== AIM OF THE TASK ==
Repeat each entry word for word; the images are not part of the copy.

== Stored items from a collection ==
········
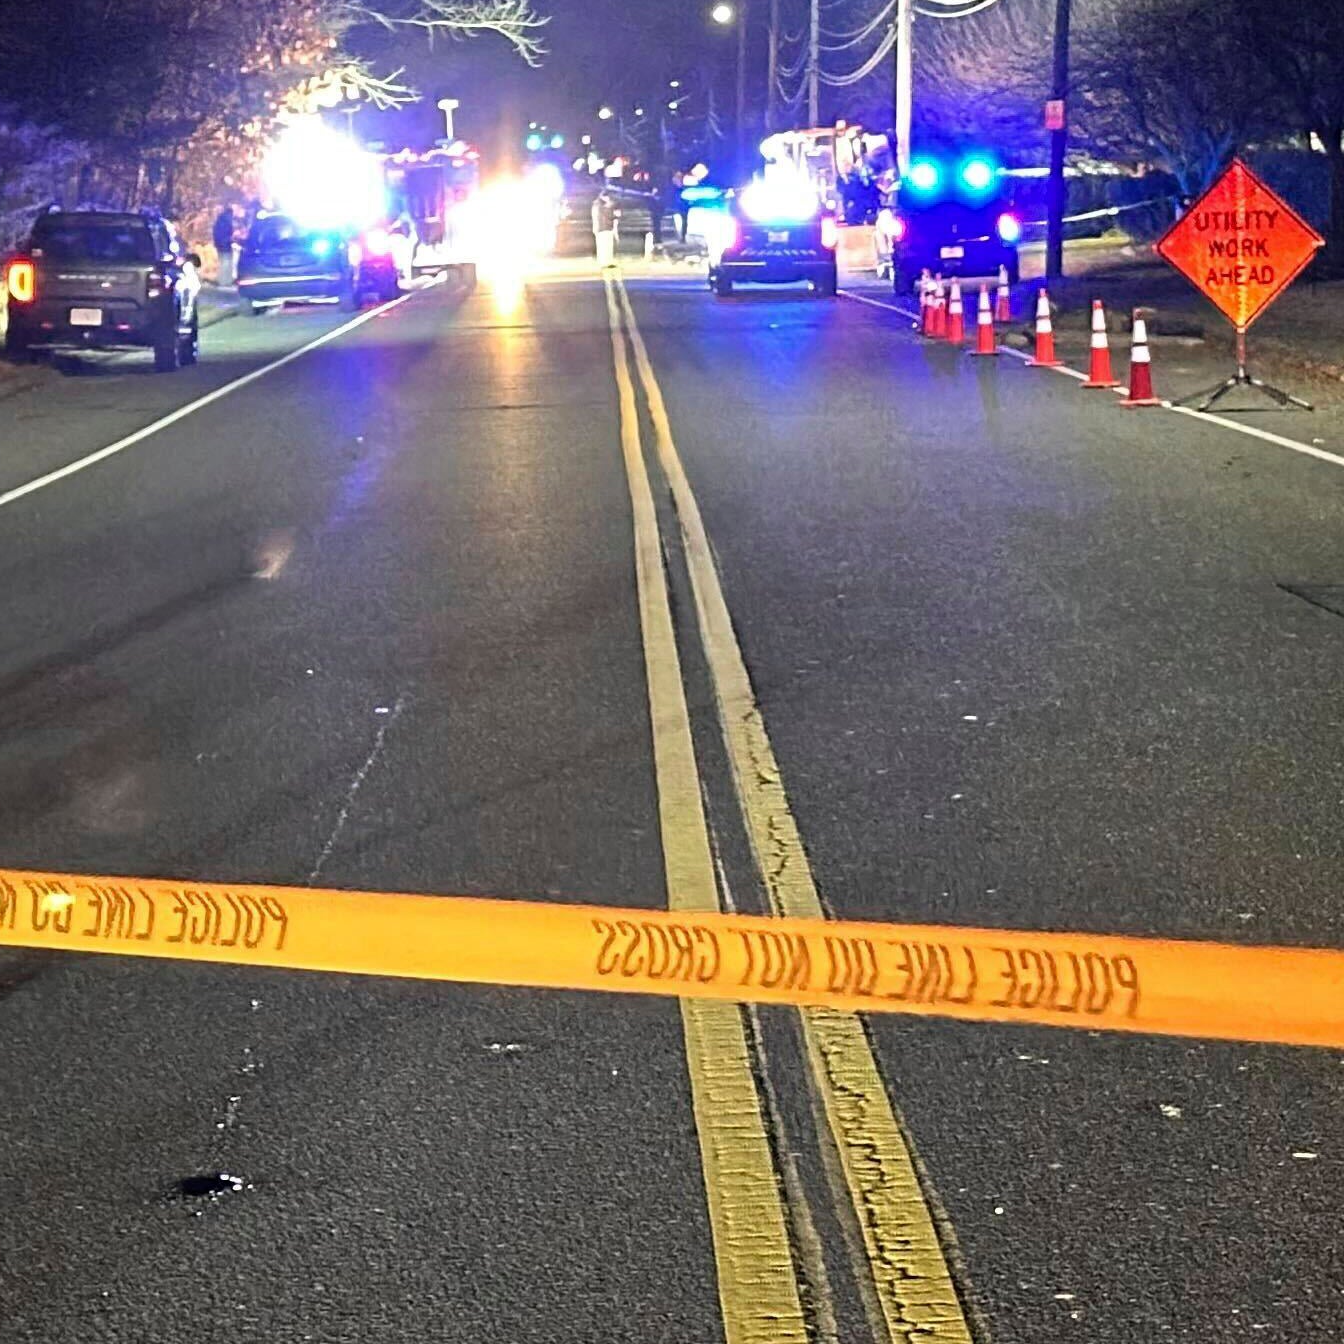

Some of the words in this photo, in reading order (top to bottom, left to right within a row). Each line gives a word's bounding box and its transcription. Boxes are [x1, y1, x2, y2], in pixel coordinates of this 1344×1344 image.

[1194, 209, 1279, 232] UTILITY
[1208, 238, 1270, 258] WORK
[1206, 264, 1275, 286] AHEAD
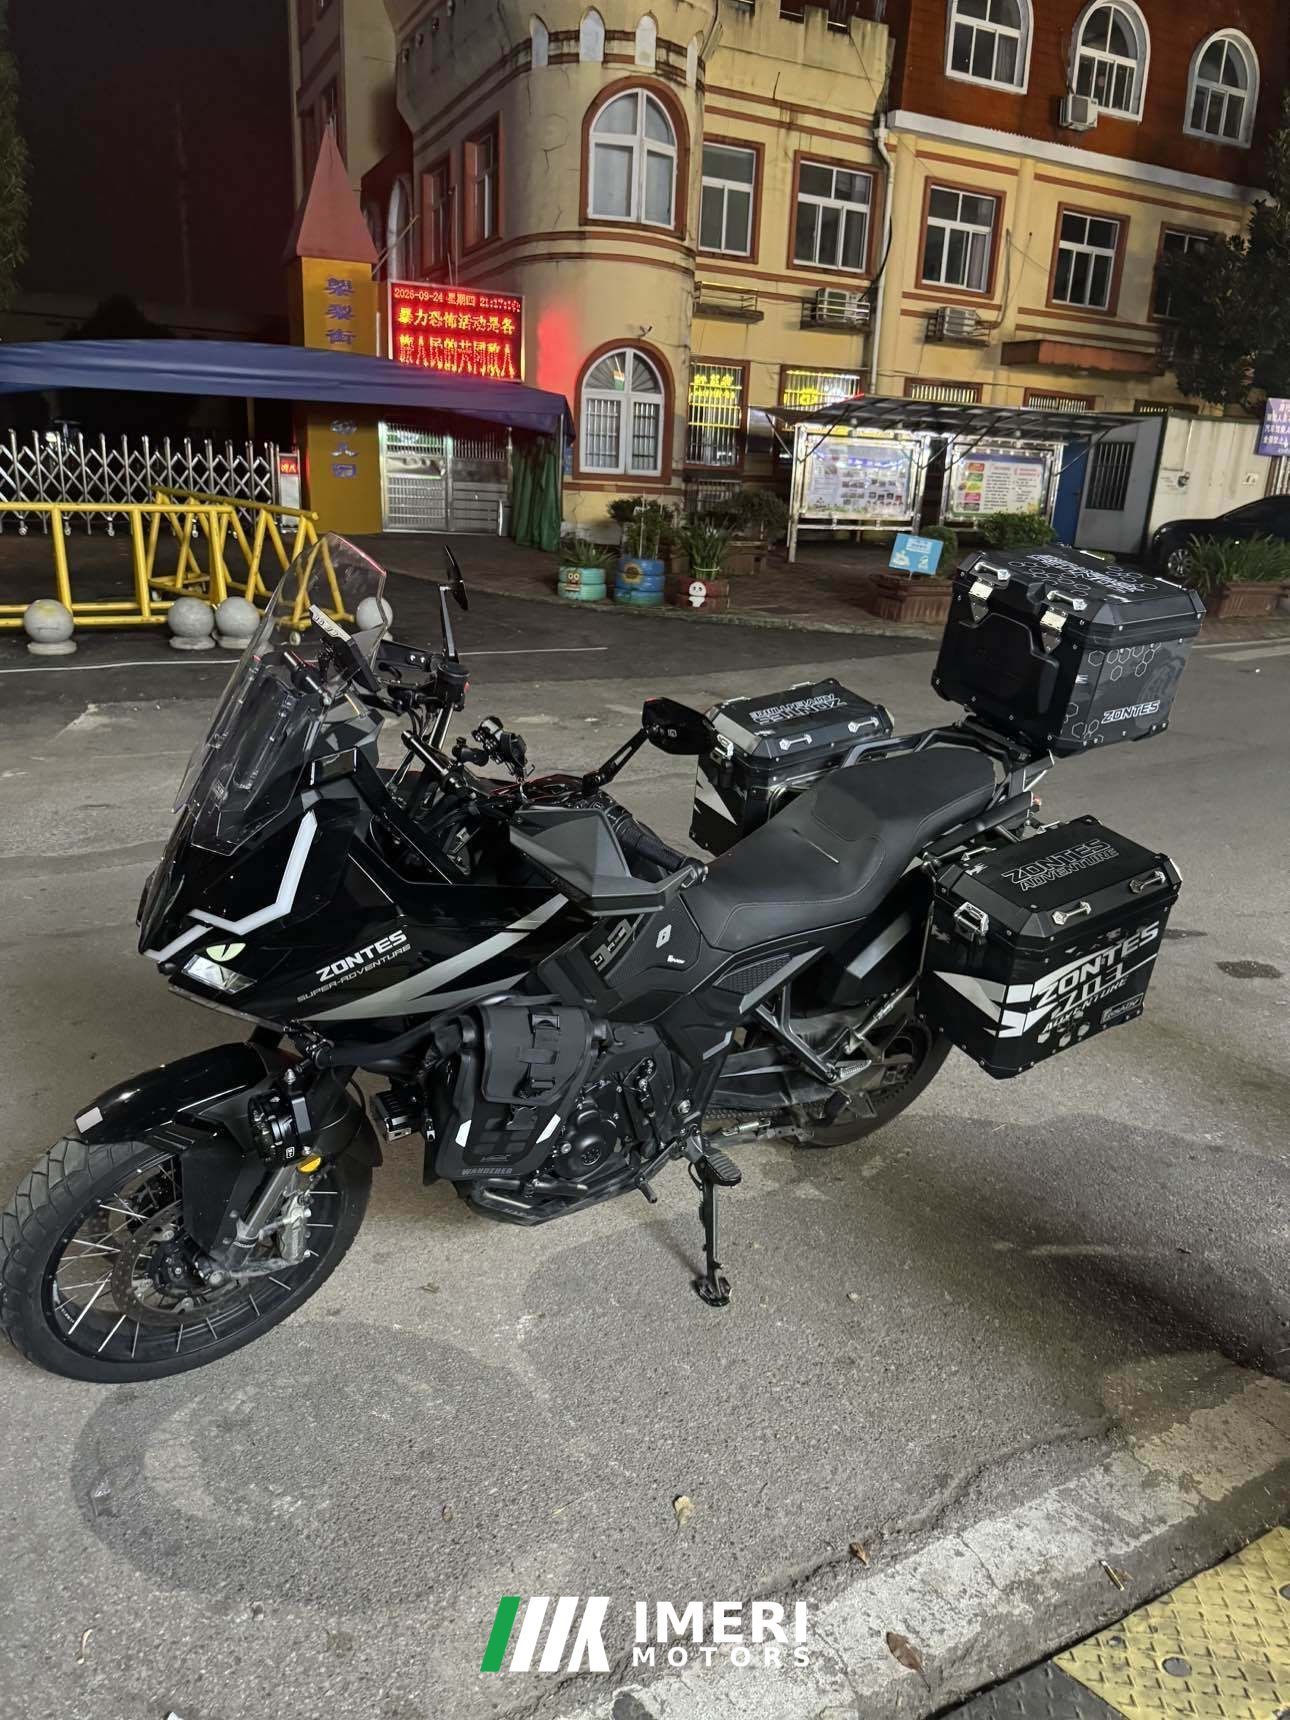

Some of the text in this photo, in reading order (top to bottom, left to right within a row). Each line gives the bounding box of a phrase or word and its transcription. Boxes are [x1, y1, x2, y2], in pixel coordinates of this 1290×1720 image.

[394, 288, 443, 302] 2026-09-24
[447, 292, 476, 307] 星期四
[399, 307, 515, 335] 暴力恐怖活动是各
[1101, 700, 1160, 724] ZONTES
[1001, 839, 1111, 883] ZONTES
[1020, 846, 1120, 891] ADVENTURE
[297, 943, 411, 1002] SUPER-ADVENTURE
[316, 930, 407, 982] ZONTES
[1036, 921, 1159, 1008] ZONTES
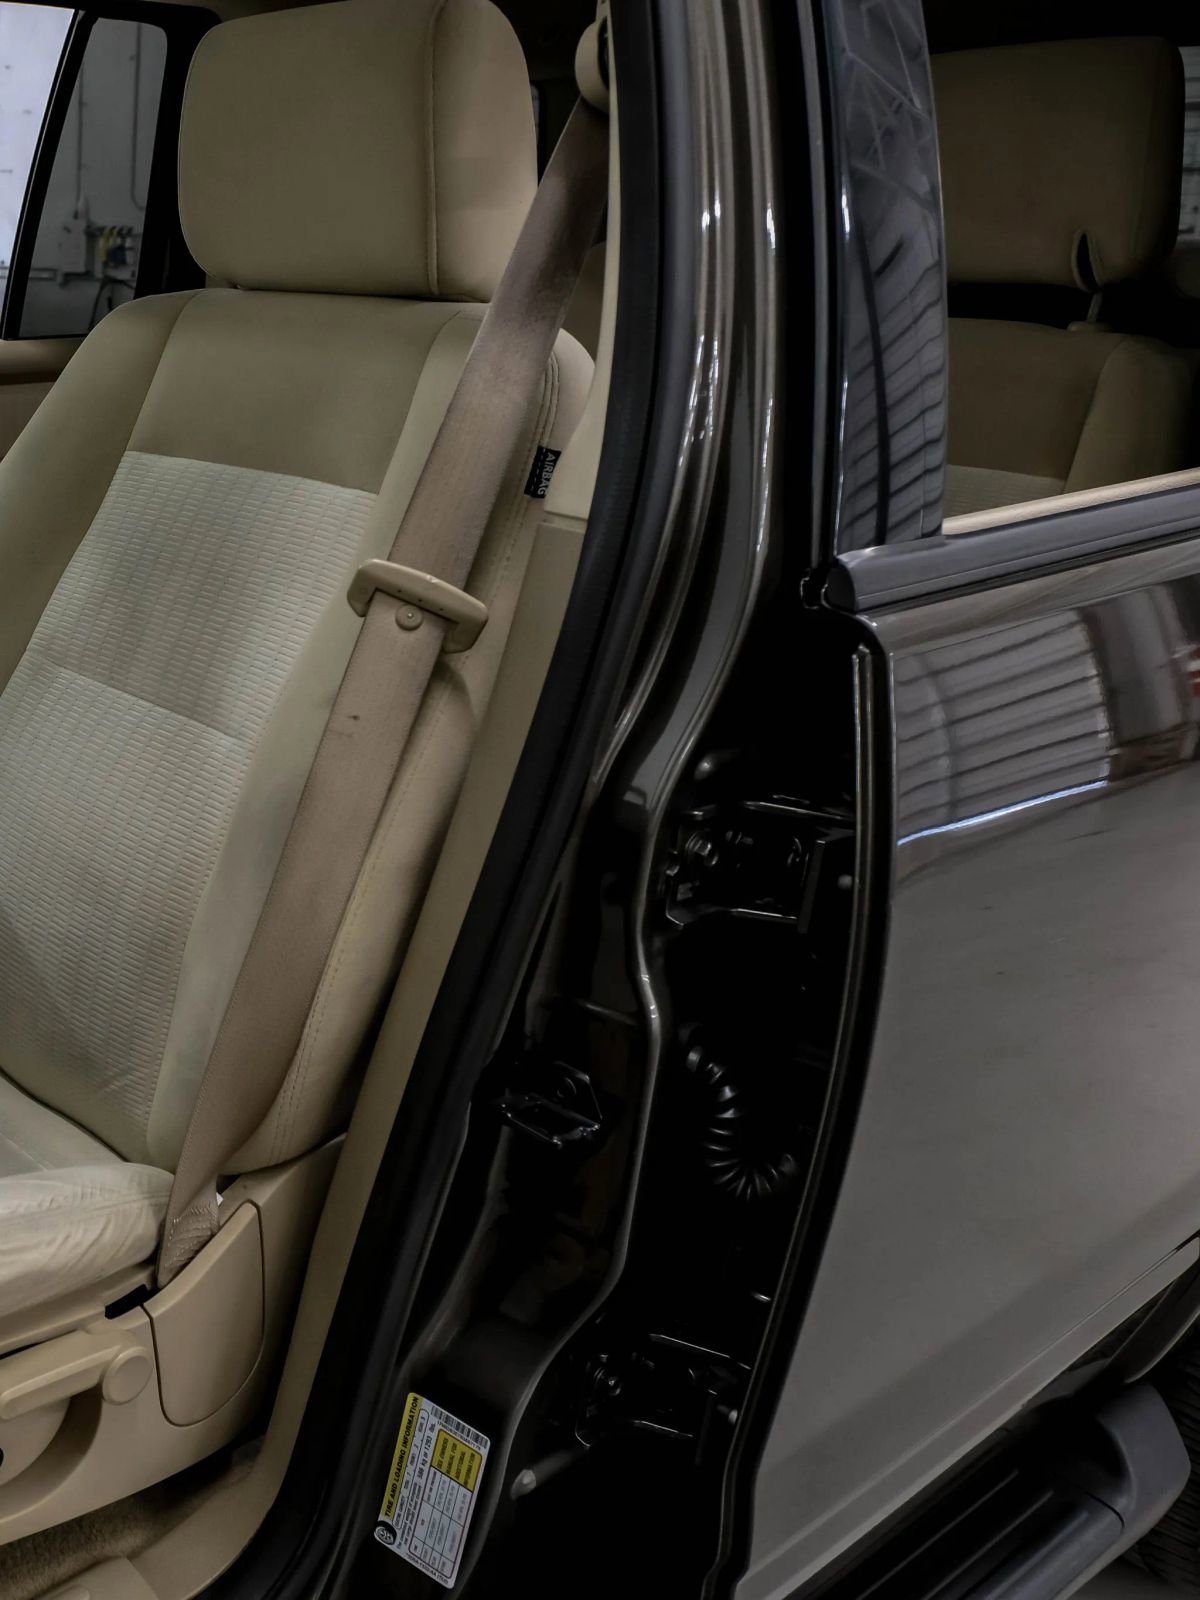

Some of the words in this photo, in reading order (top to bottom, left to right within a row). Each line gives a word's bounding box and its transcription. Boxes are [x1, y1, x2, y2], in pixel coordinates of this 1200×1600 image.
········
== YOUR RESPONSE ==
Some of the words in this photo, in reading order (top to bottom, left to right within a row). Each line gives a word's bounding box and its transcription. Boxes are [x1, y1, x2, y2], in pixel coordinates of this 1344×1344 image.

[1194, 209, 1279, 232] UTILITY
[1208, 238, 1270, 258] WORK
[1206, 264, 1275, 286] AHEAD

Some of the text in this photo, in reading order (top to bottom, left to right within a row). Each line gives the bounding box of a phrase or word and its transcription. Boxes are [x1, y1, x2, y2], in pixel coordinates of this 1290×1720 image.

[394, 288, 443, 302] 2026-09-24
[447, 292, 476, 307] 星期四
[399, 307, 515, 335] 暴力恐怖活动是各
[1101, 700, 1160, 724] ZONTES
[1001, 839, 1111, 883] ZONTES
[1020, 846, 1120, 891] ADVENTURE
[297, 943, 411, 1002] SUPER-ADVENTURE
[316, 930, 407, 982] ZONTES
[1036, 921, 1159, 1008] ZONTES

Some of the words in this photo, in reading order (top to bottom, left to right within a row). Each line gives a word's bounding box and its transcription. Boxes are [x1, y1, x2, y2], in pixel coordinates of this 1200×1600 image.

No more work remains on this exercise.